F-12682

Clinical data
- Other names: F12682; F-12318; F12318
- Routes of administration: Unknown
- Drug class: Serotonin 5-HT_{1B} and 5-HT_{1D} receptor inverse agonist
- ATC code: None;

Identifiers
- IUPAC name N-[4-methoxy-3-(4-methylpiperazin-1-yl)phenyl]-4-(2-phenylethyl)piperazine-1-carboxamide;
- PubChem CID: 9845946;
- ChemSpider: 8021660;

Chemical and physical data
- Formula: C_{25}H_{35}N_{5}O_{2}
- Molar mass: 437.588 g·mol^{−1}
- 3D model (JSmol): Interactive image;
- SMILES CN1CCN(CC1)C2=C(C=CC(=C2)NC(=O)N3CCN(CC3)CCC4=CC=CC=C4)OC;
- InChI InChI=1S/C25H35N5O2/c1-27-12-16-29(17-13-27)23-20-22(8-9-24(23)32-2)26-25(31)30-18-14-28(15-19-30)11-10-21-6-4-3-5-7-21/h3-9,20H,10-19H2,1-2H3,(H,26,31); Key:SDXUUOUVEULXIO-UHFFFAOYSA-N;

= F-12682 =

F-12682 is a serotonin 5-HT_{1B} and 5-HT_{1D} receptor inverse agonist which was under development for the treatment of major depressive disorder but was never marketed.

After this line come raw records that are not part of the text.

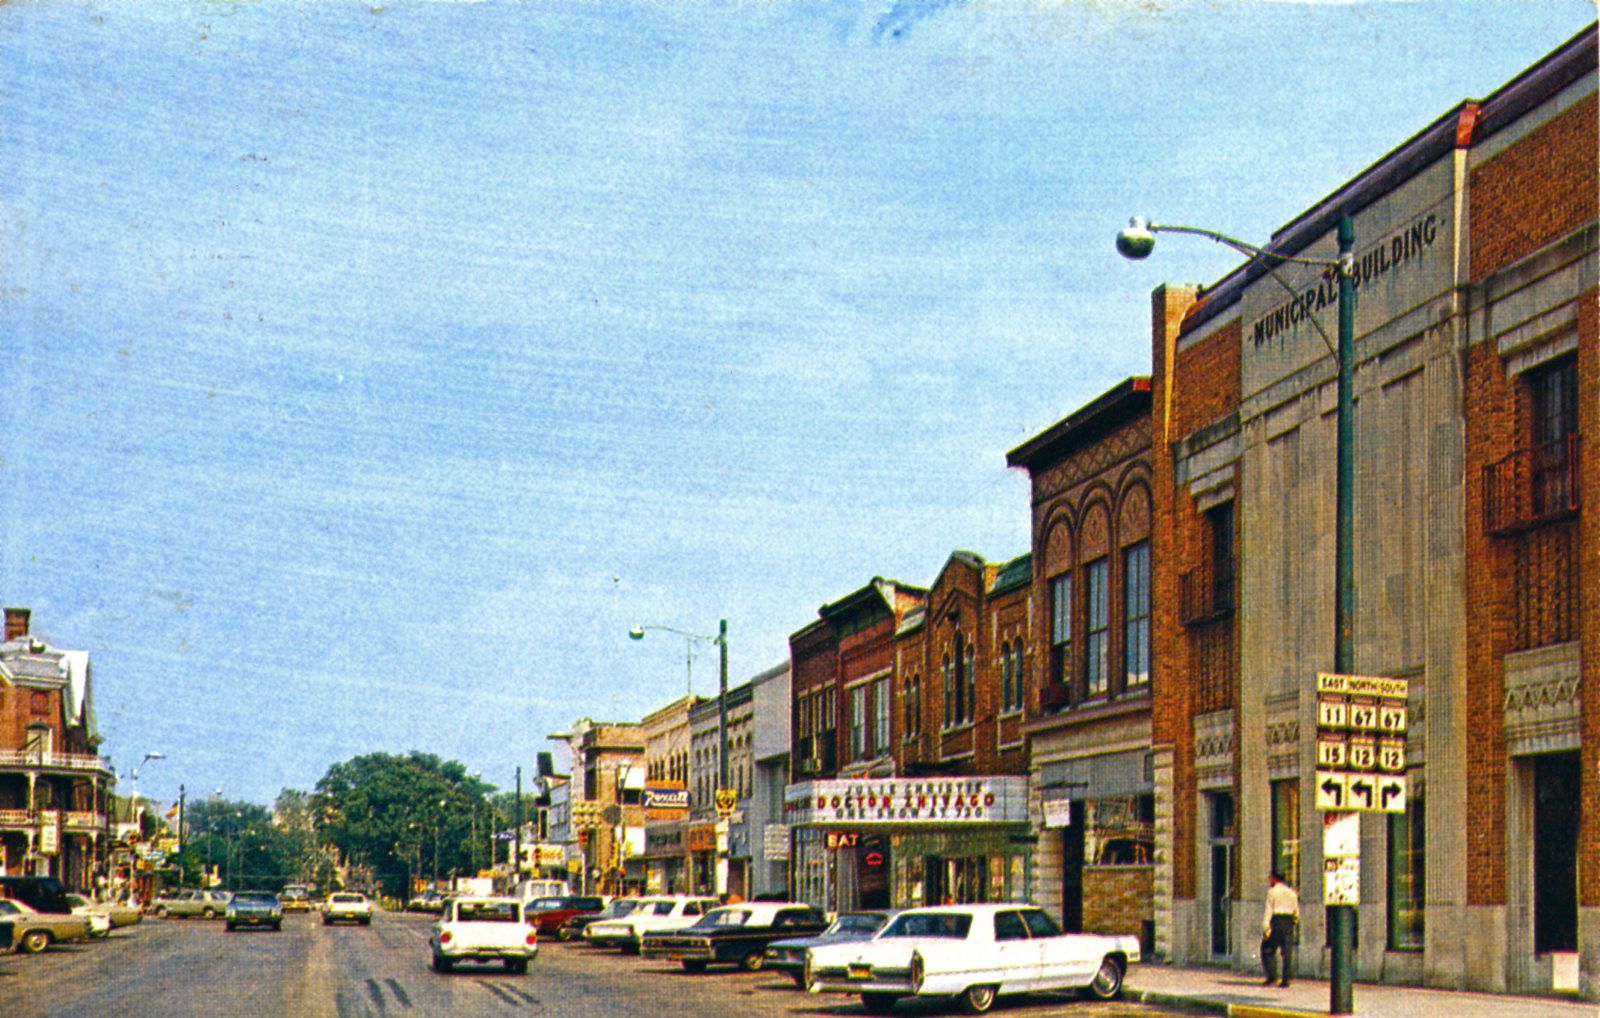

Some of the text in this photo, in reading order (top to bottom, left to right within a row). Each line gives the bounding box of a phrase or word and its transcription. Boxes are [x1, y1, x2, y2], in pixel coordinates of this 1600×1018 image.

[1253, 213, 1437, 347] MUNICIPAL BUILDING
[1322, 676, 1405, 693] EAST NORTH SOUTH
[1326, 707, 1401, 727] 11 67 67
[1325, 746, 1400, 768] 15 12 12
[845, 781, 984, 795] JULIE CHRISTIE
[817, 794, 892, 810] DOCTOR
[904, 791, 996, 809] ZHIVAGO
[835, 807, 865, 819] ONE
[877, 807, 919, 819] SHOW
[928, 806, 946, 819] AT
[827, 831, 860, 848] EAT
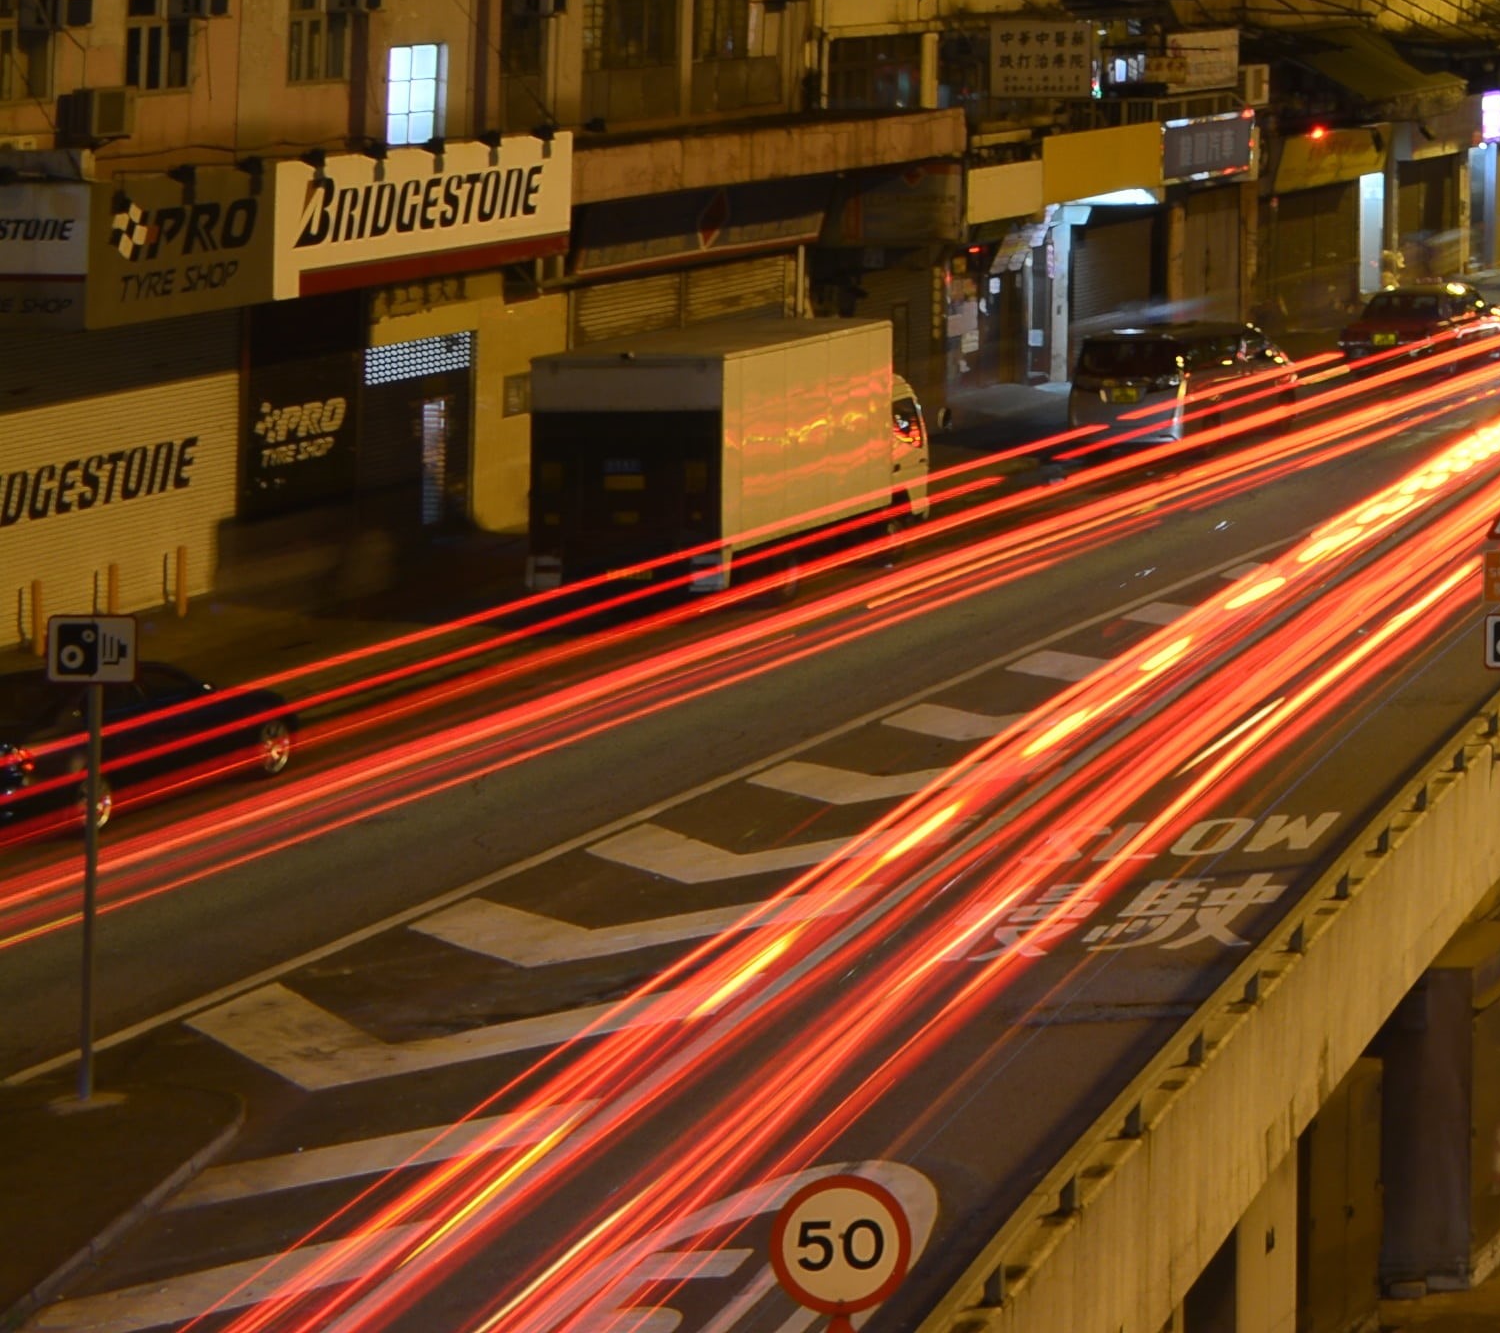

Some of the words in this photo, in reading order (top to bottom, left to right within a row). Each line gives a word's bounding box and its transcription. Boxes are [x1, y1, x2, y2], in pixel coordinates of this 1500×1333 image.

[146, 196, 259, 261] PRO
[293, 165, 545, 249] BRIDGESTONE
[19, 299, 73, 314] SHOP
[120, 268, 177, 302] TYRE
[180, 261, 239, 294] SHOP
[275, 397, 347, 441] PRO
[0, 437, 198, 528] DGESTONE
[1021, 811, 1342, 865] SLOW
[797, 1218, 885, 1273] 50
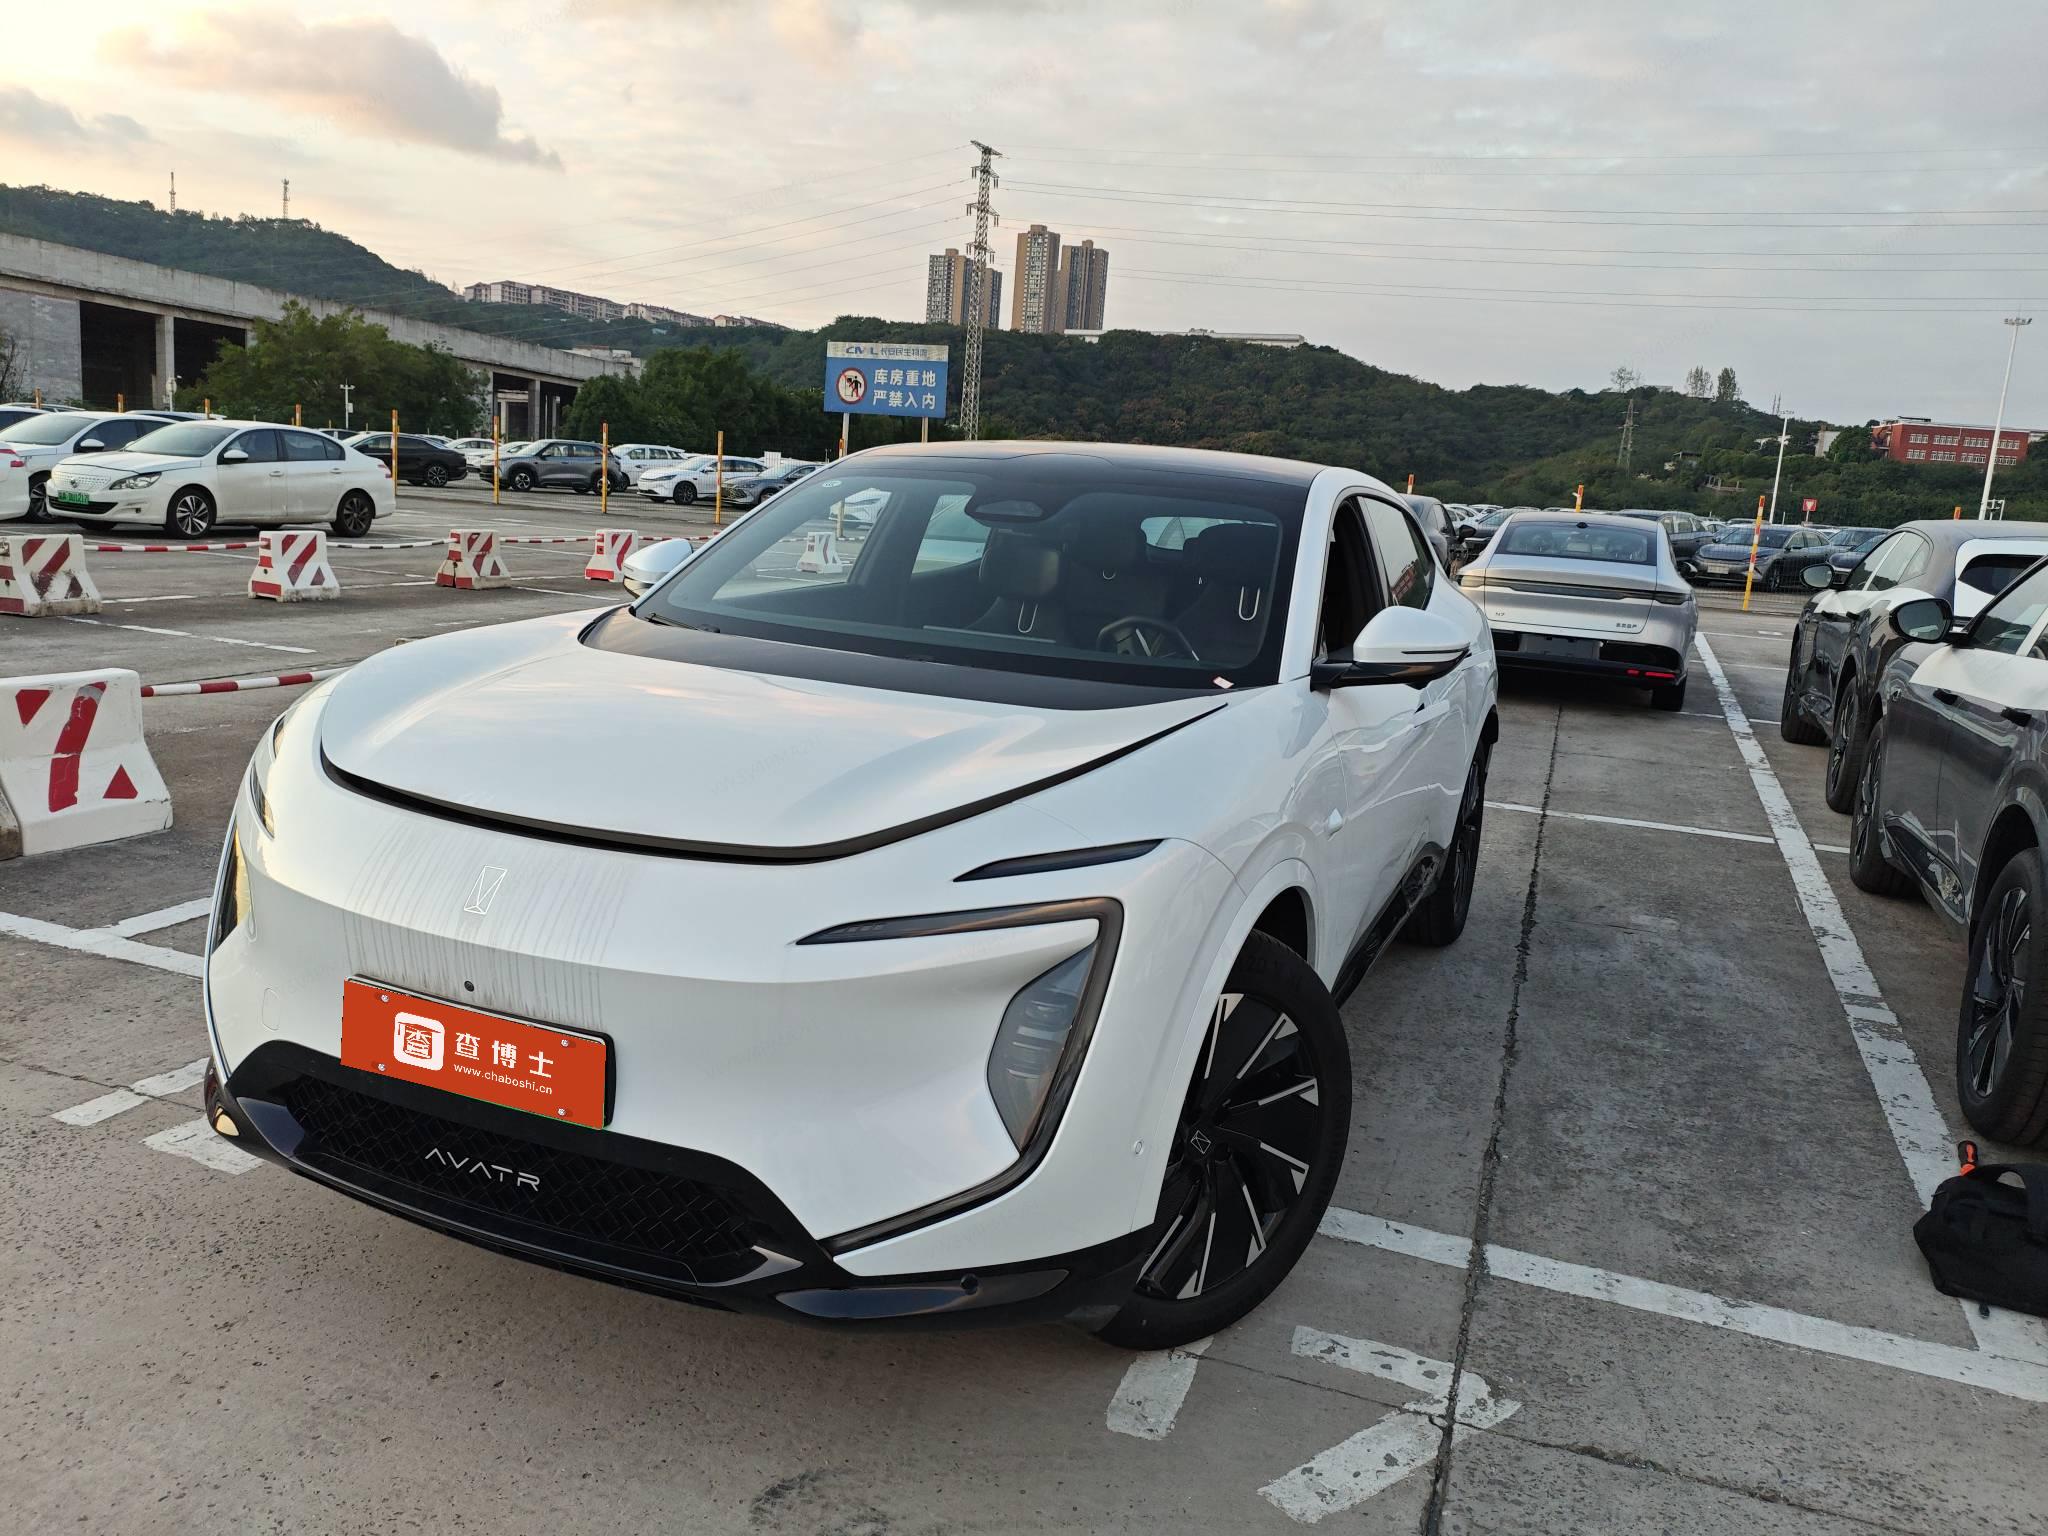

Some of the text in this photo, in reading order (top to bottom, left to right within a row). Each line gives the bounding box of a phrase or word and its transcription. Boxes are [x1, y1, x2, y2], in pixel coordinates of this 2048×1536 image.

[873, 367, 937, 388] 库房重地
[872, 389, 936, 410] 严禁入内
[424, 1147, 541, 1192] AVATR

Its route of administration is unknown. The drug was under development by Laboratoires Pierre Fabre in France and was first described in the literature by 1998. It reached the preclinical research or discovery stage of development prior to the discontinuation of its development in 1999.